DATA PROVIDED Start Marker

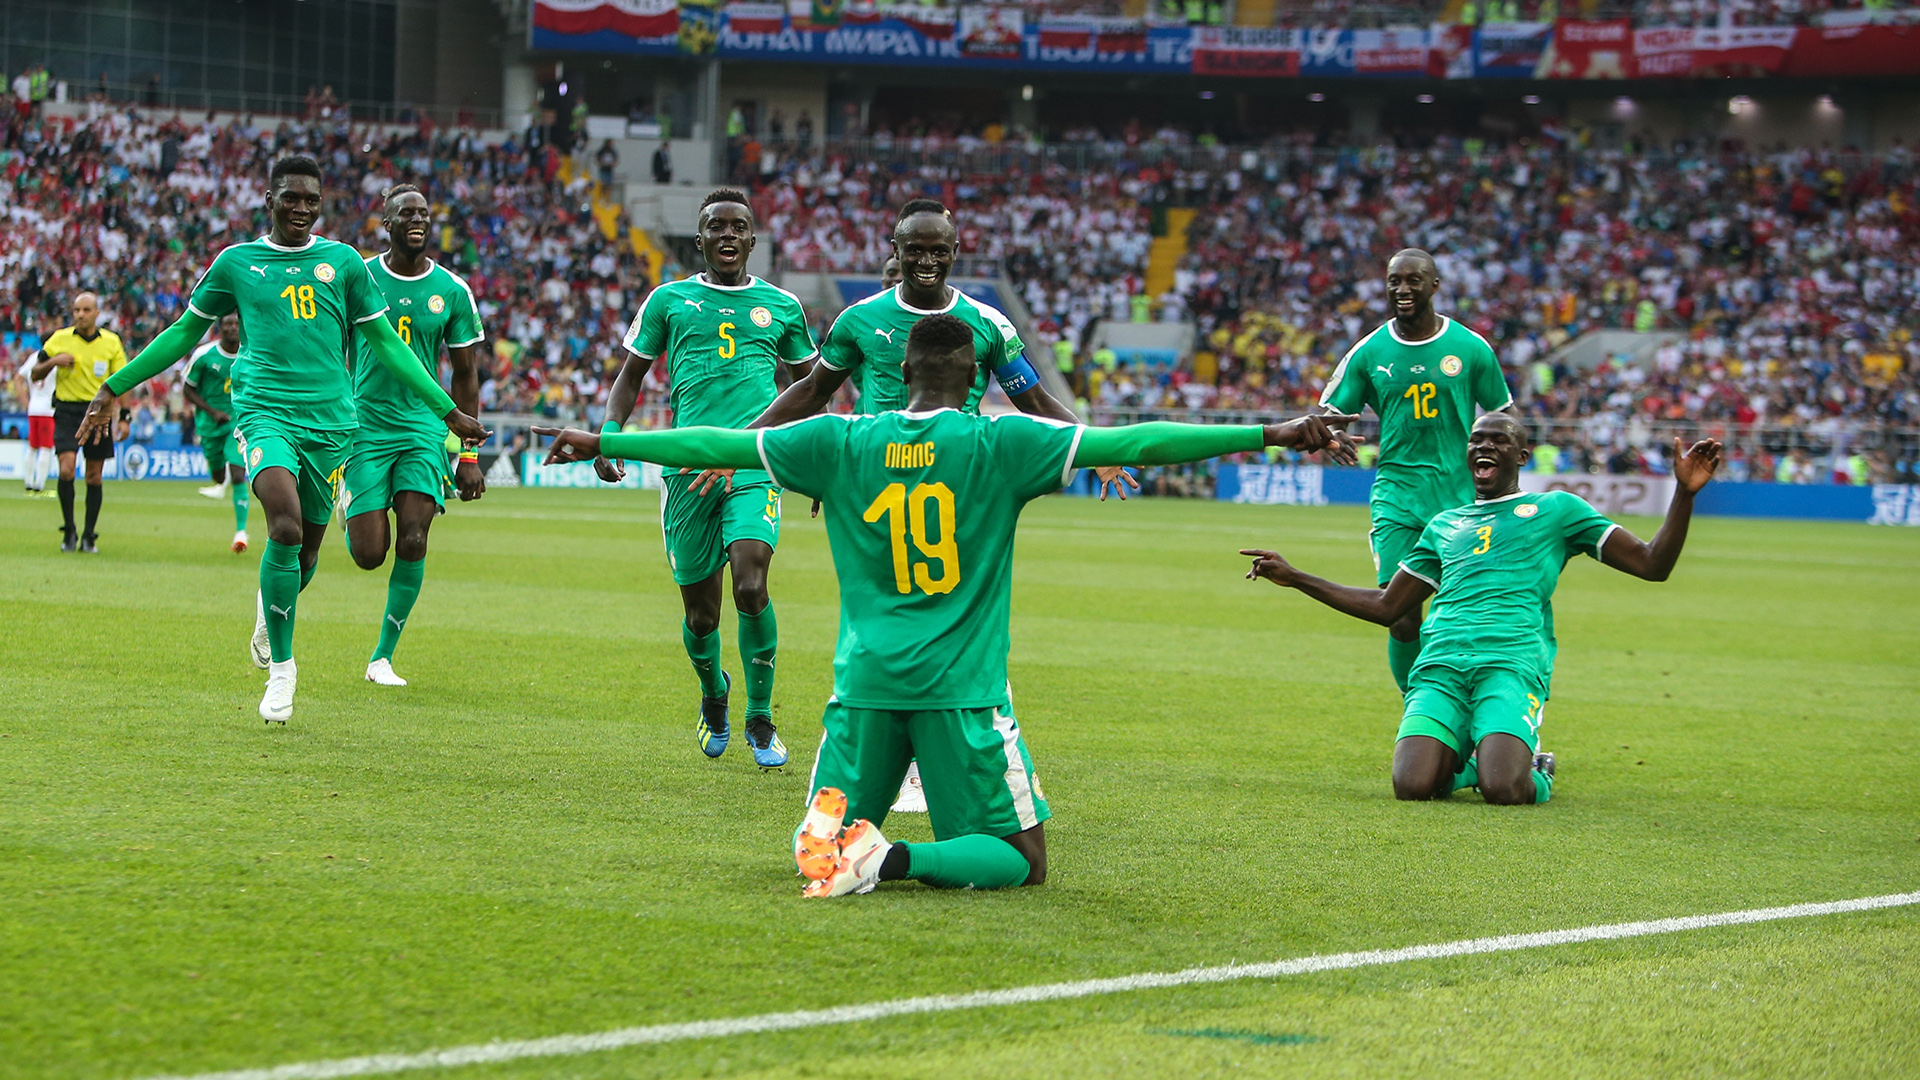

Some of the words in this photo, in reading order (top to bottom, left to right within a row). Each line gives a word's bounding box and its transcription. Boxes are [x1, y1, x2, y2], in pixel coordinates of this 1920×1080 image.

[280, 284, 317, 320] 18
[397, 315, 412, 345] 6
[718, 322, 736, 359] 5
[1404, 382, 1439, 419] 12
[885, 441, 935, 468] NIANG
[863, 481, 961, 596] 19
[1473, 525, 1493, 556] 3
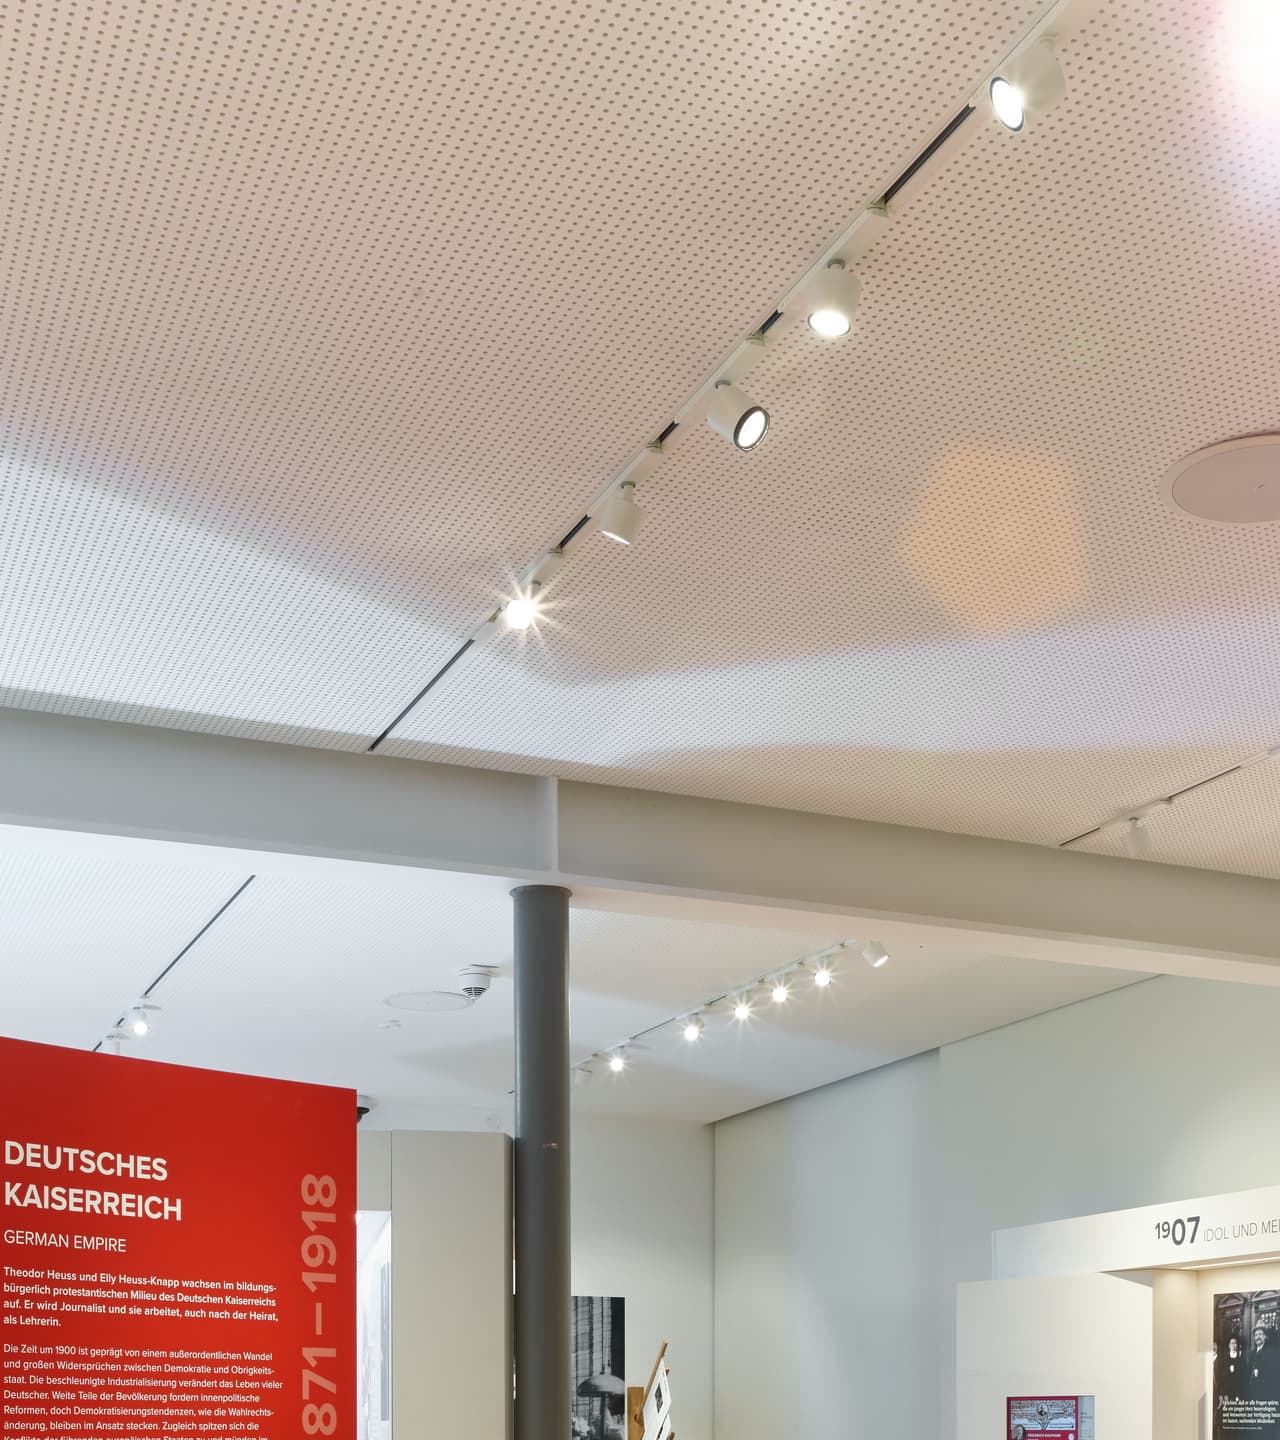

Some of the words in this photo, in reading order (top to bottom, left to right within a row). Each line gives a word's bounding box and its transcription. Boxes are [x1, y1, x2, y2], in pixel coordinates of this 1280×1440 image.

[4, 1140, 168, 1182] DEUTSCHES
[4, 1182, 183, 1221] KAISERREICH
[3, 1229, 70, 1248] GERMAN
[73, 1234, 127, 1253] EMPIRE
[1155, 1215, 1201, 1246] 1907
[1203, 1227, 1229, 1242] IDOL
[1232, 1222, 1258, 1239] UND
[3, 1268, 45, 1278] Theodor
[47, 1270, 77, 1280] Heuss
[79, 1272, 98, 1281] und
[99, 1273, 116, 1285] Elly
[118, 1274, 180, 1288] Heuss-Knapp
[181, 1278, 221, 1288] wachsen
[223, 1280, 234, 1289] im
[3, 1284, 51, 1297] bürgerlich
[52, 1286, 128, 1301] protestantischen
[130, 1290, 157, 1300] Milieu
[158, 1292, 175, 1301] des
[176, 1293, 224, 1304] Deutschen
[224, 1295, 276, 1306] Kaiserreichs
[3, 1316, 18, 1325] als
[23, 1300, 34, 1309] Er
[36, 1301, 58, 1310] wird
[59, 1302, 106, 1313] Journalist
[108, 1304, 126, 1314] und
[128, 1305, 142, 1314] sie
[184, 1308, 206, 1318] auch
[208, 1309, 230, 1319] nach
[232, 1310, 247, 1320] der
[3, 1344, 19, 1352] Die
[20, 1344, 38, 1353] Zeit
[54, 1345, 76, 1354] 1900
[78, 1346, 88, 1354] ist
[89, 1346, 123, 1358] geprägt
[141, 1348, 168, 1357] einem
[168, 1348, 242, 1359] außerordentlichen
[242, 1351, 272, 1360] Wandel
[3, 1359, 21, 1368] und
[22, 1360, 55, 1371] großen
[56, 1360, 122, 1373] Widersprüchen
[123, 1362, 162, 1371] zwischen
[163, 1363, 212, 1373] Demokratie
[213, 1364, 229, 1373] und
[28, 1375, 44, 1384] Die
[46, 1376, 106, 1387] beschleunigte
[107, 1377, 177, 1388] Industrialisierung
[178, 1378, 218, 1387] verändert
[218, 1379, 234, 1387] das
[235, 1379, 260, 1388] Leben
[260, 1379, 283, 1388] vieler
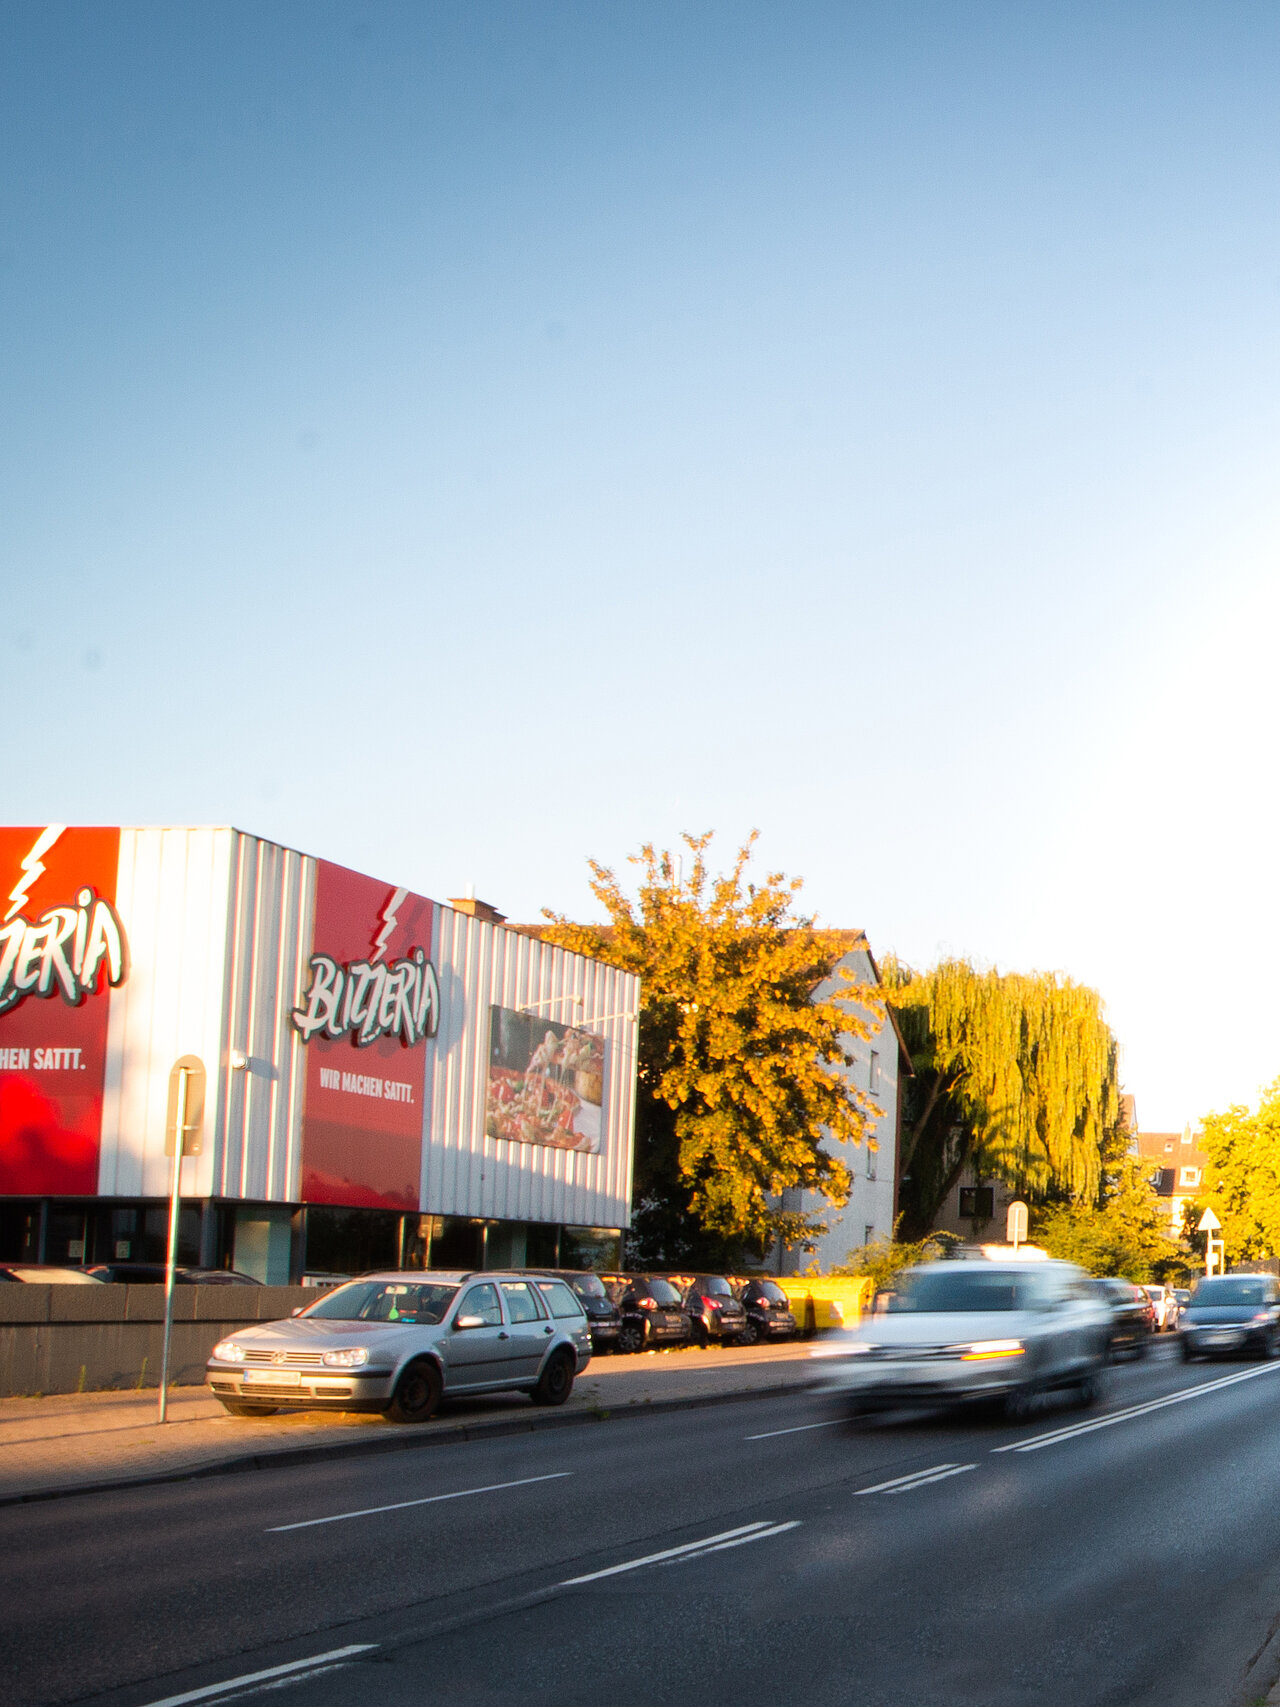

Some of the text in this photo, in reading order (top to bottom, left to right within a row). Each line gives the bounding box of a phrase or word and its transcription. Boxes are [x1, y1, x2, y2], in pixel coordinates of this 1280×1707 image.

[33, 1047, 86, 1070] SATTT.
[320, 1067, 415, 1104] WIR MACHEN SATTT.

DATA PROVIDED End Marker

TASK:
Without copying any picture, repeat all of the entries exactly.

REPLY TO THE EXERCISE:
Some of the words in this photo, in reading order (top to bottom, left to right within a row). Each line gives a word's bounding box and its transcription. Boxes are [x1, y1, x2, y2], in pixel coordinates of this 1920×1080 image.

[280, 284, 317, 320] 18
[397, 315, 412, 345] 6
[718, 322, 736, 359] 5
[1404, 382, 1439, 419] 12
[885, 441, 935, 468] NIANG
[863, 481, 961, 596] 19
[1473, 525, 1493, 556] 3

Some of the words in this photo, in reading order (top to bottom, left to right within a row). Each line gives a word's bounding box and its transcription. Boxes are [x1, y1, x2, y2], in pixel coordinates of this 1280×1440 image.

[4, 1140, 168, 1182] DEUTSCHES
[4, 1182, 183, 1221] KAISERREICH
[3, 1229, 70, 1248] GERMAN
[73, 1234, 127, 1253] EMPIRE
[1155, 1215, 1201, 1246] 1907
[1203, 1227, 1229, 1242] IDOL
[1232, 1222, 1258, 1239] UND
[3, 1268, 45, 1278] Theodor
[47, 1270, 77, 1280] Heuss
[79, 1272, 98, 1281] und
[99, 1273, 116, 1285] Elly
[118, 1274, 180, 1288] Heuss-Knapp
[181, 1278, 221, 1288] wachsen
[223, 1280, 234, 1289] im
[3, 1284, 51, 1297] bürgerlich
[52, 1286, 128, 1301] protestantischen
[130, 1290, 157, 1300] Milieu
[158, 1292, 175, 1301] des
[176, 1293, 224, 1304] Deutschen
[224, 1295, 276, 1306] Kaiserreichs
[3, 1316, 18, 1325] als
[23, 1300, 34, 1309] Er
[36, 1301, 58, 1310] wird
[59, 1302, 106, 1313] Journalist
[108, 1304, 126, 1314] und
[128, 1305, 142, 1314] sie
[184, 1308, 206, 1318] auch
[208, 1309, 230, 1319] nach
[232, 1310, 247, 1320] der
[3, 1344, 19, 1352] Die
[20, 1344, 38, 1353] Zeit
[54, 1345, 76, 1354] 1900
[78, 1346, 88, 1354] ist
[89, 1346, 123, 1358] geprägt
[141, 1348, 168, 1357] einem
[168, 1348, 242, 1359] außerordentlichen
[242, 1351, 272, 1360] Wandel
[3, 1359, 21, 1368] und
[22, 1360, 55, 1371] großen
[56, 1360, 122, 1373] Widersprüchen
[123, 1362, 162, 1371] zwischen
[163, 1363, 212, 1373] Demokratie
[213, 1364, 229, 1373] und
[28, 1375, 44, 1384] Die
[46, 1376, 106, 1387] beschleunigte
[107, 1377, 177, 1388] Industrialisierung
[178, 1378, 218, 1387] verändert
[218, 1379, 234, 1387] das
[235, 1379, 260, 1388] Leben
[260, 1379, 283, 1388] vieler

Some of the text in this photo, in reading order (top to bottom, left to right within a row). Each line gives the bounding box of a phrase or word and its transcription. Boxes are [x1, y1, x2, y2], in pixel coordinates of this 1280×1707 image.

[33, 1047, 86, 1070] SATTT.
[320, 1067, 415, 1104] WIR MACHEN SATTT.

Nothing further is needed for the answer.